Last month I had the opportunity to visit the persecuted Christians from Muslim fundamentalists, specifically Boko Haram, in the Catholic Diocese of Maiduguri (northeast Nigeria). As I traveled through the mostly 51,000 square mile terrain — in the outskirts of the city of Maiduguri — I spent some time with a woman whose husband, Yohanna, had been kidnapped by Boko Haram just two days prior. She was very much comforted by the parishioners of her parish of St. Augustine, who were praying and hoping against hope that he would be released. Regrettably, just hours after spending some time with her, Yohanna’s dead body was found. Like Offu’s murder, this is just one of many tragic stories that go unreported. While the US-led west and NGOs hold they can drive out Islamic terrorism with arms — just as with ISIS — they fail to get at the root of the problem, and that is the sharia ideology that continues to be indoctrinated in the youth, as with the Almajiri boys.
An Almajiri boy in Borno State (Photo: Author’s personal collection)
Derived from the word “hajarah” (to flee one’s country, to migrate, to emigrate), these boys are supposed to be “knowledge” seekers as commanded by Allah in the Quran: “And whoever emigrates for the cause of Allah will find on the earth many [alternative] locations and abundance. And whoever leaves his home as an emigrant to Allah and His Messenger and then death overtakes him — his reward has already become incumbent upon Allah.” — Sura 4, 100
For many families, the Almajiri system is an alternative to sending them to a state school which costs money. Most of the religious schools provide free tuition. But the Almajiri pupils have to take care of their own daily needs which is why many of them go begging when they do not have to be in the classroom. According to the National Council for the Welfare of Destitute report in 2017, approximately 7 million Almajiri roam the streets of northern Nigeria every day. Many of them concede to the strongest wind that blows: street violence, child trafficking, diseases, or hunger. Those who manage to resist their vulnerability and grievances within the society remain unskilled, and ultimately undertake menial jobs with very limited future perspectives. Critics, both from Nigeria and abroad, say the young Almajiri pupils — and I encountered numerous of them — who wander through the streets and seek religious orientation are ideal recruits for extremists.

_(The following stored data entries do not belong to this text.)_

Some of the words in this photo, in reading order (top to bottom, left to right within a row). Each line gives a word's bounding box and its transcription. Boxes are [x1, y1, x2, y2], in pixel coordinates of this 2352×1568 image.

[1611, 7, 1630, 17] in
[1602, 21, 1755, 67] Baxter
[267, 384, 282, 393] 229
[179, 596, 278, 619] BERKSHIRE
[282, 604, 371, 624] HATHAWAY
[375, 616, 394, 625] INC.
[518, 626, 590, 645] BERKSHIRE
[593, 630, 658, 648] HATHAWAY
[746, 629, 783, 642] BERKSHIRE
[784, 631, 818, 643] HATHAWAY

Of course, within the past few years, some of the victims to Boko Haram and the Fulani nomads have been Muslims. However, when the destruction of lives and property is done and it comes to rehabilitation/reconstruction and rebuilding of lives, government funds are used to rehabilitate Muslim communities and compensate Muslims, meanwhile Christians are left out and discriminated upon. Some of the visible and practical forms of persecution and challenges that Christians have learnt how to live with for decades include:
– denial of land to build places of worship (churches). The last time that a Certificate of Occupancy was issued for a church building within the Diocese of Maiduguri was in 1979;
– denial of Christian religious curricula in the primary and secondary levels; instead they are forced to study Islam.
– denial of jobs and promotion in government parastatals;
– political exclusion and denial of political office;
– forceful abduction and marriage of Christian girls;
– reserved courses for Muslims in higher institutions of learning.

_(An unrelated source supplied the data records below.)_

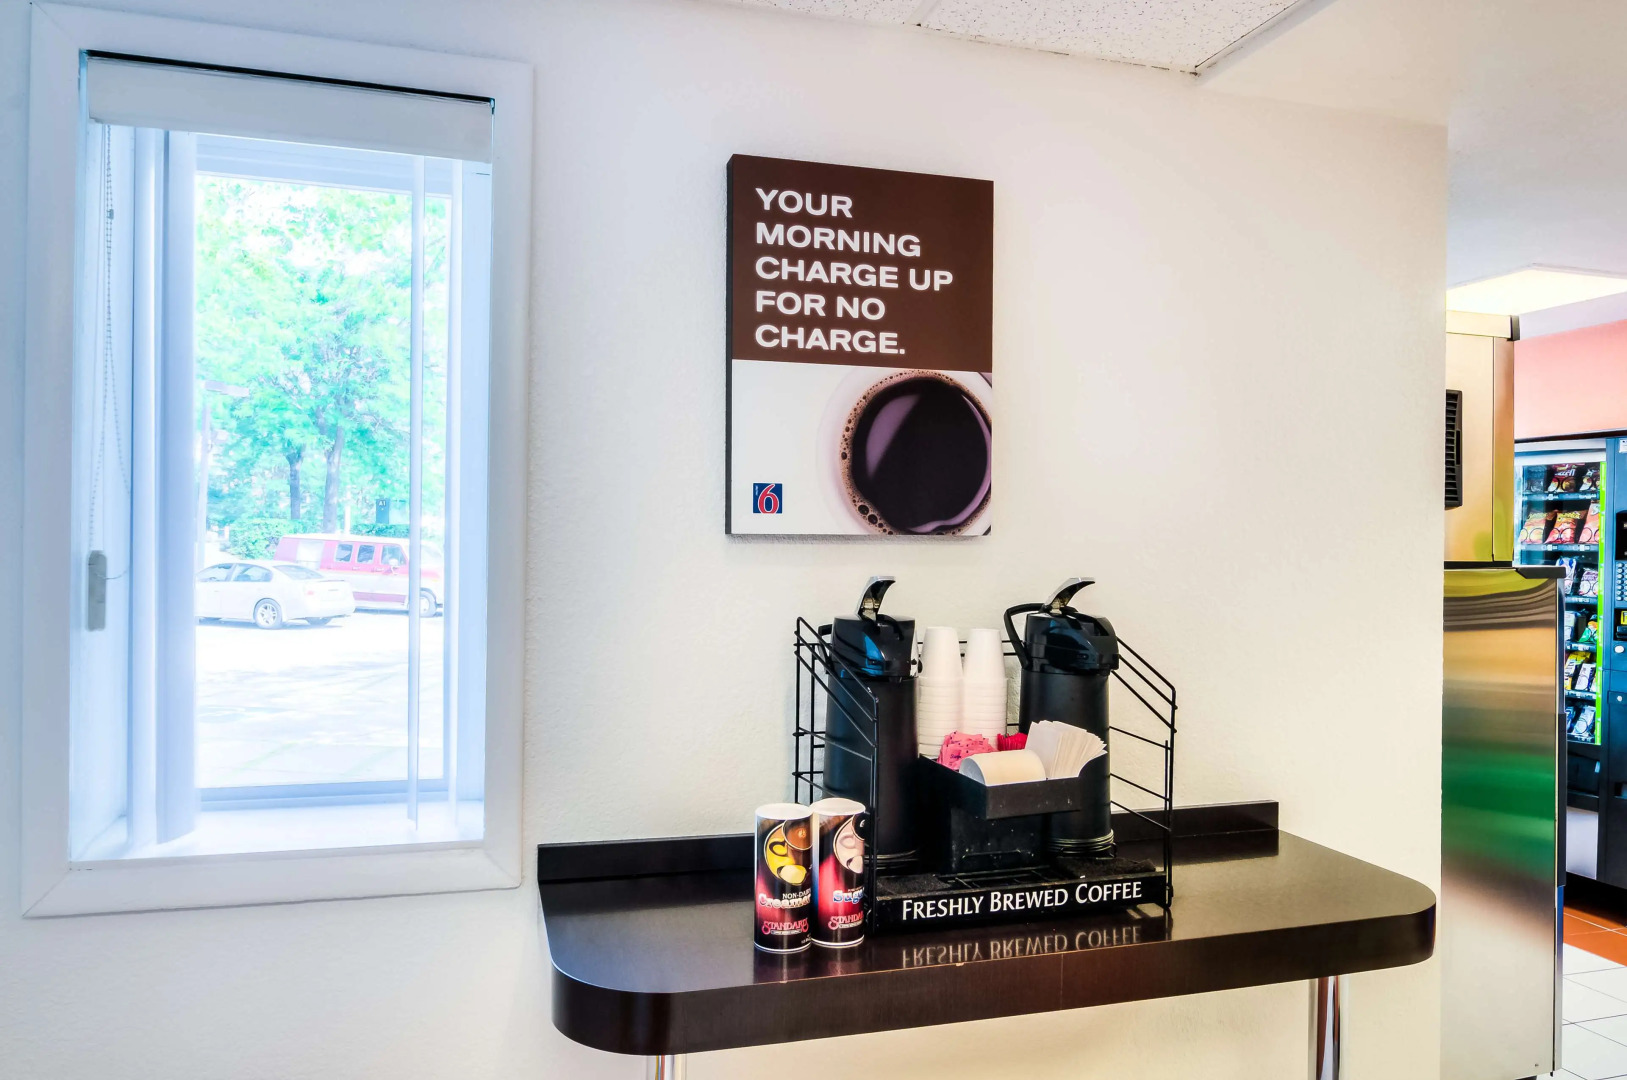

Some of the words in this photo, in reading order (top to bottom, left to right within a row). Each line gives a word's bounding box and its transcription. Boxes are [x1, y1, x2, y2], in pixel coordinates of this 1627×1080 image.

[755, 187, 853, 218] YOUR
[755, 222, 921, 258] MORNING
[755, 256, 899, 289] CHARGE
[909, 268, 953, 292] UP
[755, 290, 826, 317] FOR
[836, 296, 886, 320] NO
[755, 324, 906, 355] CHARGE.
[757, 483, 780, 514] 6
[902, 895, 984, 921] FRESHLY
[990, 888, 1069, 913] BREWED
[1075, 881, 1143, 904] COFFEE
[761, 917, 809, 935] STANDARD

As the Father John Bakeni, a priest from Maiduguri, told me, the persecution of Christians is prevalent. “About four years ago, they came to us. There was no place for them to stay. Nobody wanted to take them in, not even the housing communities. The diocese has been solely responsible for their welfare and their upkeep. Like other displacement centers, they have received little or no attention from the government. Not even NGOs of Christian roots and origin. People don’t want us to say this in public, but that is the fact.”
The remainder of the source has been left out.